• YOUR ASSIGNMENT: Could you transcribe every record below exactly, leaving out any pictures?

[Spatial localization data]
***

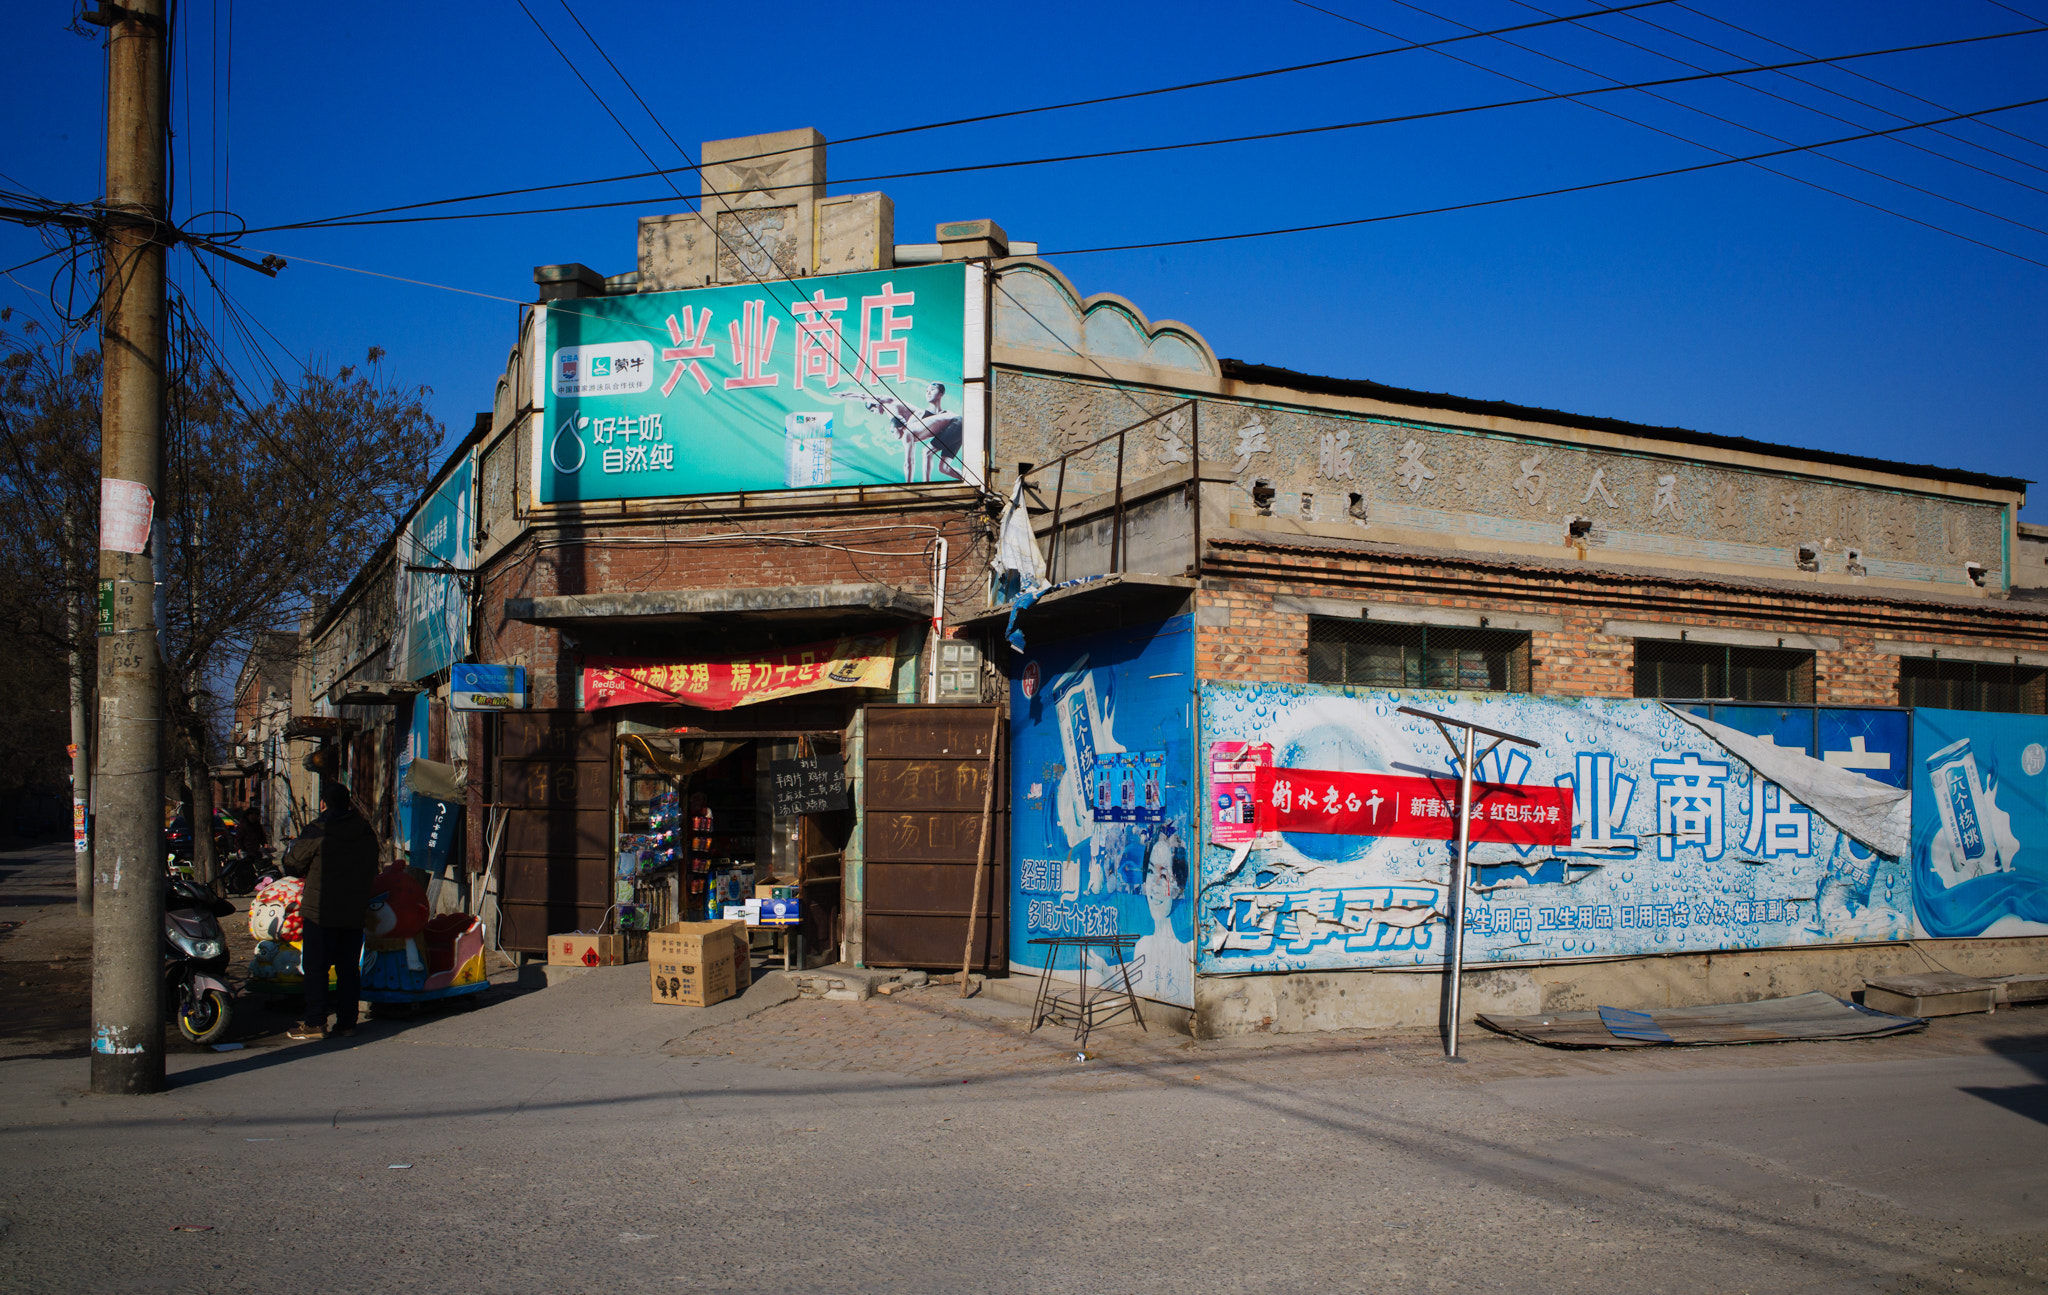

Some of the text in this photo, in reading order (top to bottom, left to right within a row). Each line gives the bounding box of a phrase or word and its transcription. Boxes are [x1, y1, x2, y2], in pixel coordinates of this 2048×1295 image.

[661, 281, 915, 398] 兴业商店
[561, 354, 579, 363] CSA
[614, 357, 645, 373] 蒙牛
[593, 413, 664, 445] 好牛奶
[603, 442, 674, 474] 自然纯
[593, 680, 626, 690] RedBull
[630, 661, 710, 693] 冲刺梦想
[730, 652, 816, 692] 精力十足
[598, 689, 617, 698] 红牛
[1271, 780, 1384, 825] 衡水老白干
[1490, 802, 1561, 825] 红包乐分享
[1950, 775, 1980, 849] 六个核桃
[1021, 859, 1070, 892] 经常用
[1028, 899, 1118, 937] 多喝六个核桃
[1537, 905, 1613, 931] 卫生用品
[1620, 902, 1690, 929] 日用百货
[1694, 901, 1730, 925] 冷饮
[1733, 898, 1800, 926] 烟酒副食

***

• PROBLEM SOLUTION:
Some of the text in this photo, in reading order (top to bottom, left to right within a row). Each line gives the bounding box of a phrase or word and its transcription. Boxes are [x1, y1, x2, y2], in pixel coordinates of this 2048×1295 image.

[661, 281, 915, 398] 兴业商店
[561, 354, 579, 363] CSA
[614, 357, 645, 373] 蒙牛
[593, 413, 664, 445] 好牛奶
[603, 442, 674, 474] 自然纯
[593, 680, 626, 690] RedBull
[630, 661, 710, 693] 冲刺梦想
[730, 652, 816, 692] 精力十足
[598, 689, 617, 698] 红牛
[1271, 780, 1384, 825] 衡水老白干
[1490, 802, 1561, 825] 红包乐分享
[1950, 775, 1980, 849] 六个核桃
[1021, 859, 1070, 892] 经常用
[1028, 899, 1118, 937] 多喝六个核桃
[1537, 905, 1613, 931] 卫生用品
[1620, 902, 1690, 929] 日用百货
[1694, 901, 1730, 925] 冷饮
[1733, 898, 1800, 926] 烟酒副食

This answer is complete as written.